:: Instructions for the task ::
Go through the material line by line and copy each one with the word "BEST".

:: Exercise data ::

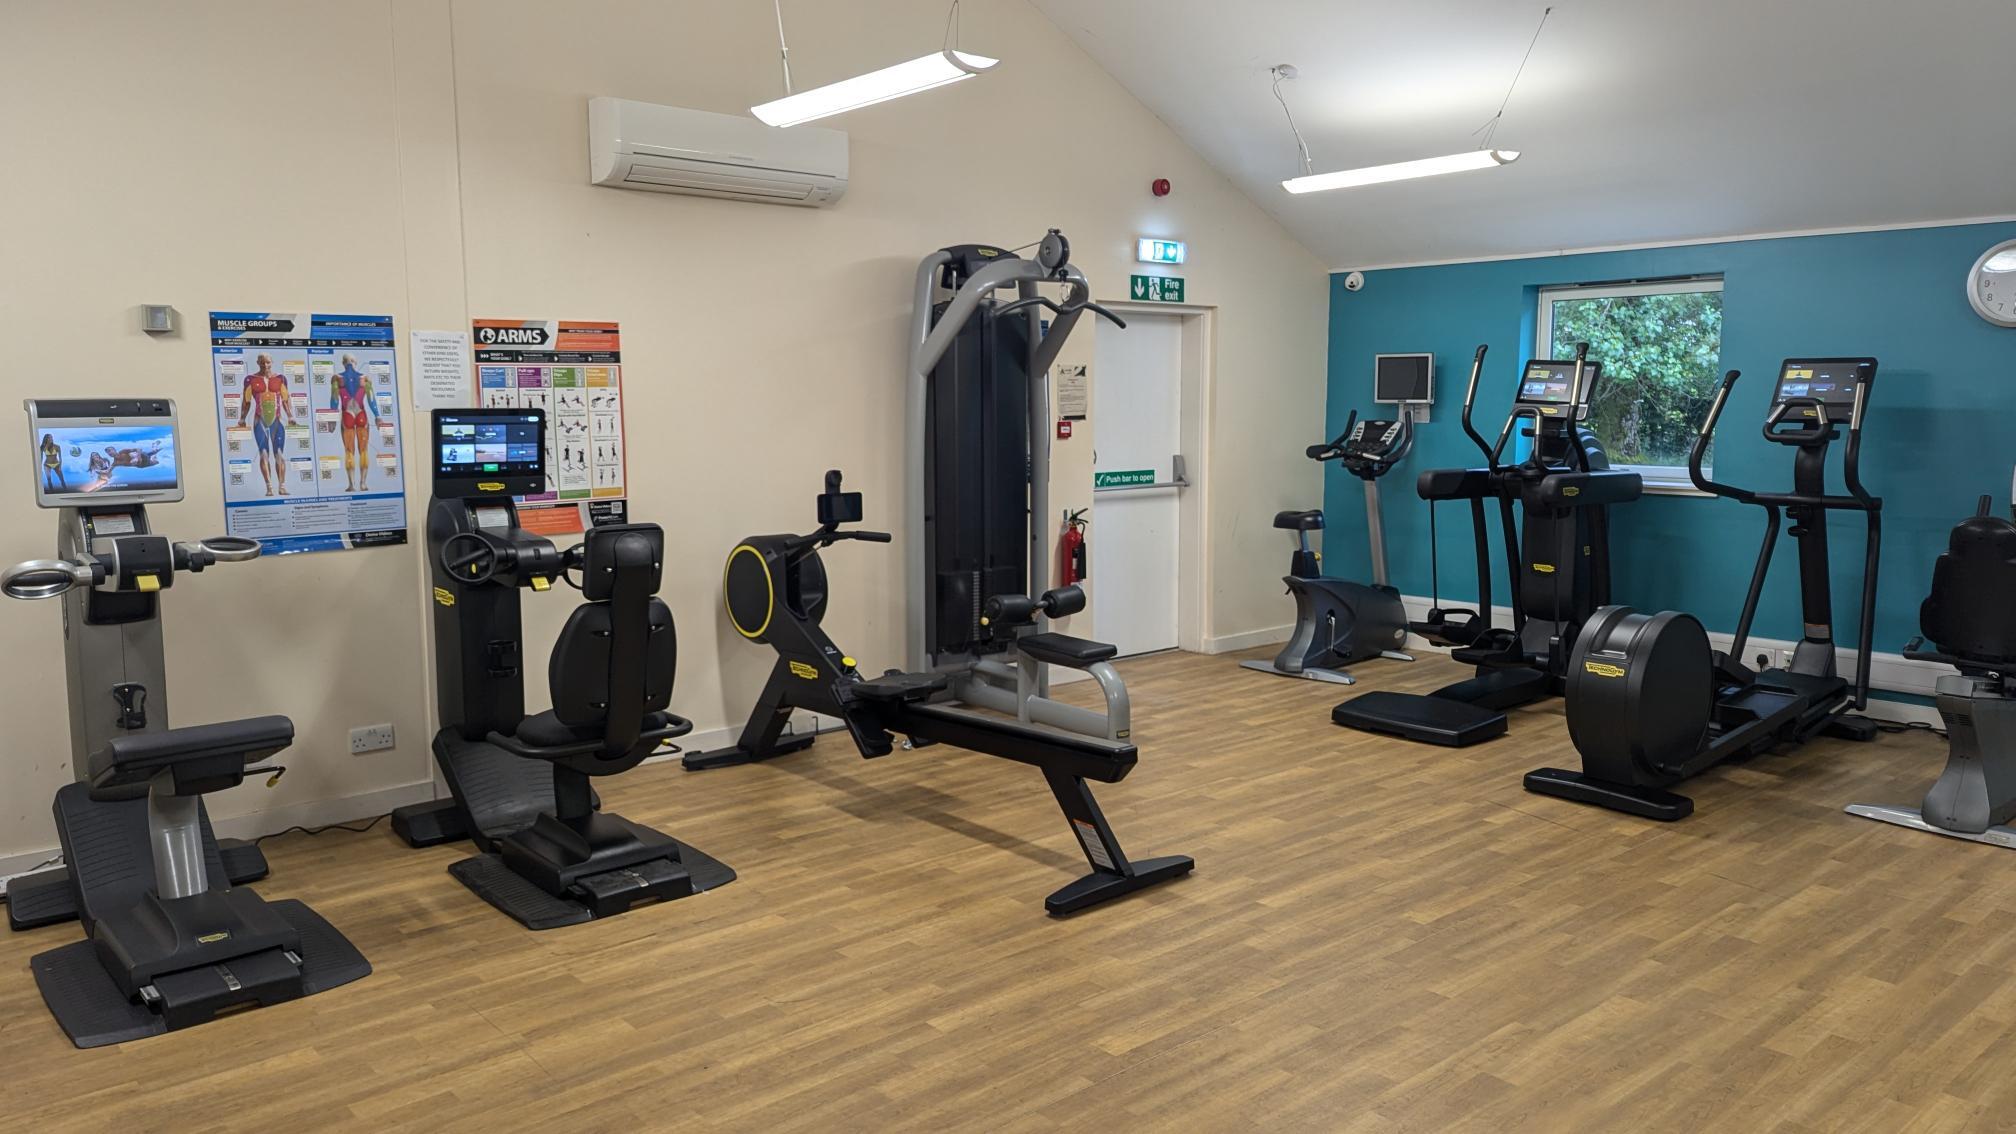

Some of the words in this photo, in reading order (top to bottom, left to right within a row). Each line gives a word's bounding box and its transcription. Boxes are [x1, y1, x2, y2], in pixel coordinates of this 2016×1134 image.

[1164, 278, 1180, 290] Fire
[1984, 279, 1991, 288] 9
[1164, 290, 1178, 300] exit
[1987, 293, 1993, 302] 8
[1998, 302, 2004, 312] 7
[217, 319, 247, 327] MUSCLE
[247, 320, 278, 328] GROUPS
[497, 329, 542, 344] ARMS
[1106, 474, 1121, 483] Push
[1121, 474, 1132, 483] bar
[1132, 474, 1139, 482] to
[1139, 474, 1154, 483] open
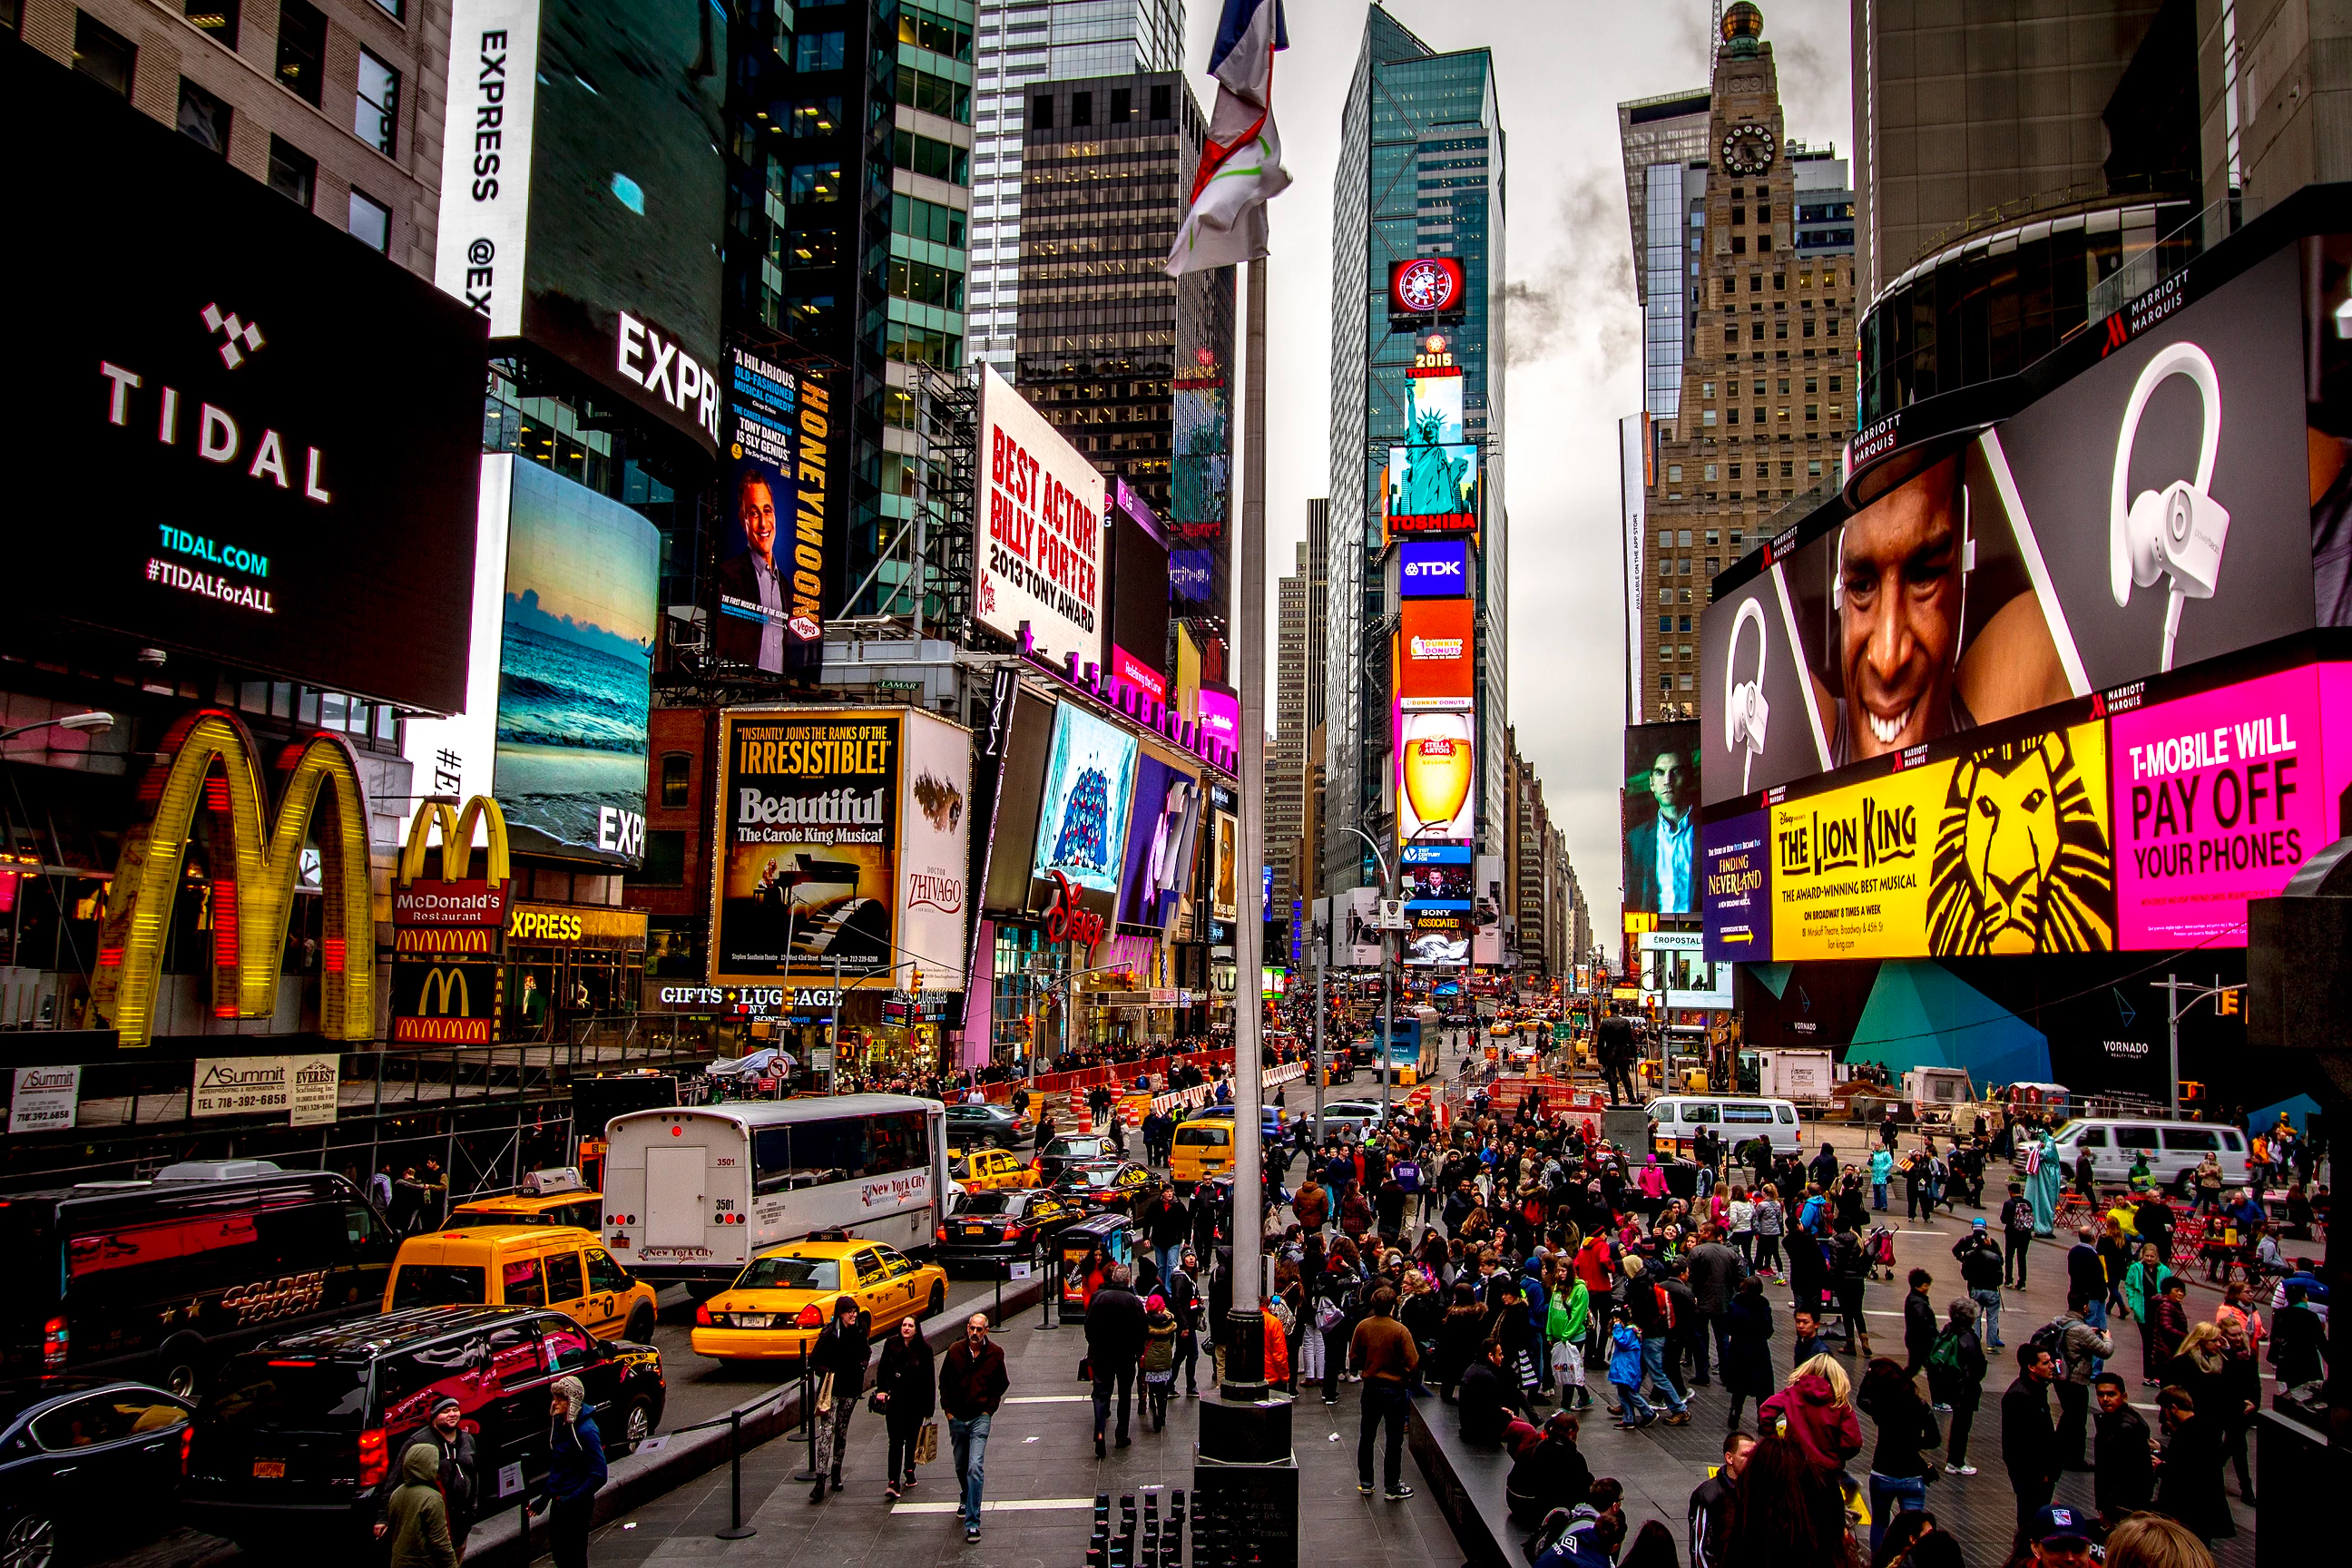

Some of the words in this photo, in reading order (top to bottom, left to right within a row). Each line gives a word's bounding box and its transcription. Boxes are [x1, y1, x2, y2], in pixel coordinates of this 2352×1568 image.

[471, 29, 508, 203] EXPRESS
[2132, 270, 2189, 316] MARRIOTT
[2132, 292, 2182, 334] MARQUIS
[1416, 353, 1453, 367] 2015
[744, 352, 797, 391] HILARIOUS,
[1406, 367, 1462, 378] TOSHIBA
[734, 379, 764, 401] MUSICAL
[735, 366, 794, 402] OLD-FASHIONED
[100, 360, 331, 505] TIDAL
[736, 429, 745, 444] IS
[745, 434, 760, 449] SLY
[740, 416, 760, 435] TONY
[761, 426, 786, 446] DANZA
[1854, 414, 1901, 448] MARRIOTT
[1854, 435, 1895, 466] MARQUIS
[792, 381, 829, 623] HONEYMOON
[992, 423, 1040, 508] BEST
[1043, 471, 1097, 564] ACTOR!
[1389, 513, 1476, 531] TOSHIBA
[1773, 526, 1798, 548] MARRIOTT
[159, 524, 270, 578] TIDAL.COM
[990, 487, 1034, 566] BILLY
[1037, 525, 1096, 609] PORTER
[1773, 540, 1795, 560] MARQUIS
[1417, 561, 1461, 576] TDK
[145, 559, 275, 614] #TIDALforALL
[990, 543, 1024, 589] 2013
[1025, 569, 1058, 615] TONY
[1058, 586, 1095, 634] AWARD
[730, 596, 740, 606] FIRST
[740, 600, 756, 611] MUSICAL
[797, 619, 816, 635] Vegas
[1125, 661, 1145, 688] Redefining
[881, 681, 916, 690] LAMAR
[2108, 681, 2144, 701] MARRIOTT
[2109, 695, 2141, 713] MARQUIS
[785, 727, 810, 740] JOINS
[811, 727, 828, 740] THE
[828, 727, 858, 740] RANKS
[859, 727, 871, 740] OF
[871, 727, 887, 740] THE
[1137, 691, 1234, 773] BROADWA
[2234, 713, 2297, 760] WILL
[1905, 745, 1928, 759] MARRIOTT
[1905, 755, 1926, 768] MARQUIS
[738, 787, 885, 825] Beautiful
[2132, 774, 2201, 841] PAY
[2212, 757, 2298, 830] OFF
[738, 827, 761, 842] The
[762, 827, 803, 843] Carole
[804, 827, 834, 846] King
[835, 828, 883, 843] Musical
[1779, 827, 1808, 867] THE
[1812, 810, 1858, 877] LION
[1863, 796, 1916, 868] KING
[1719, 854, 1749, 873] FINDING
[2133, 841, 2194, 880] YOUR
[2199, 828, 2303, 875] PHONES
[926, 866, 946, 876] DOCTOR
[907, 873, 962, 909] ZHIVAGO
[1708, 869, 1762, 896] NEVERLAND
[1782, 890, 1795, 903] THE
[1796, 880, 1859, 901] AWARD-WINNING
[1860, 877, 1878, 893] BEST
[1879, 873, 1917, 891] MUSICAL
[397, 894, 500, 909] McDonald's
[413, 911, 481, 921] Restaurant
[1417, 917, 1460, 928] ASSOCIATED
[1804, 911, 1812, 921] ON
[1812, 908, 1839, 920] BROADWAY
[1840, 907, 1845, 917] 8
[1846, 906, 1859, 916] TIMES
[1860, 906, 1865, 916] A
[1866, 904, 1881, 916] WEEK
[507, 911, 583, 940] XPRESS
[1807, 926, 1823, 936] Minskoff
[1840, 924, 1861, 936] Broadway
[1867, 922, 1877, 932] 45th
[661, 986, 723, 1004] GIFTS
[740, 988, 843, 1006] LUGAGE
[918, 991, 948, 1004] LUGGAGE
[748, 1004, 767, 1014] NY
[1794, 1022, 1817, 1030] VORNADO
[2102, 1040, 2149, 1054] VORNADO
[32, 1070, 74, 1086] Summit
[218, 1066, 286, 1083] Summit
[296, 1069, 336, 1084] EVEREST
[296, 1085, 323, 1094] Scaffolding
[198, 1098, 213, 1110] TEL
[218, 1093, 287, 1109] 718-392-6858
[16, 1110, 70, 1122] 718.392.6858
[717, 1158, 735, 1166] 3501
[871, 1183, 889, 1197] New
[891, 1178, 910, 1192] York
[911, 1175, 926, 1190] City
[716, 1199, 734, 1210] 3501
[649, 1249, 669, 1257] New
[671, 1249, 693, 1258] York
[695, 1249, 714, 1258] City
[220, 1269, 331, 1309] GOLDEN
[237, 1290, 324, 1326] TOUCH

:: Exercise solution ::
[992, 423, 1040, 508] BEST
[1860, 877, 1878, 893] BEST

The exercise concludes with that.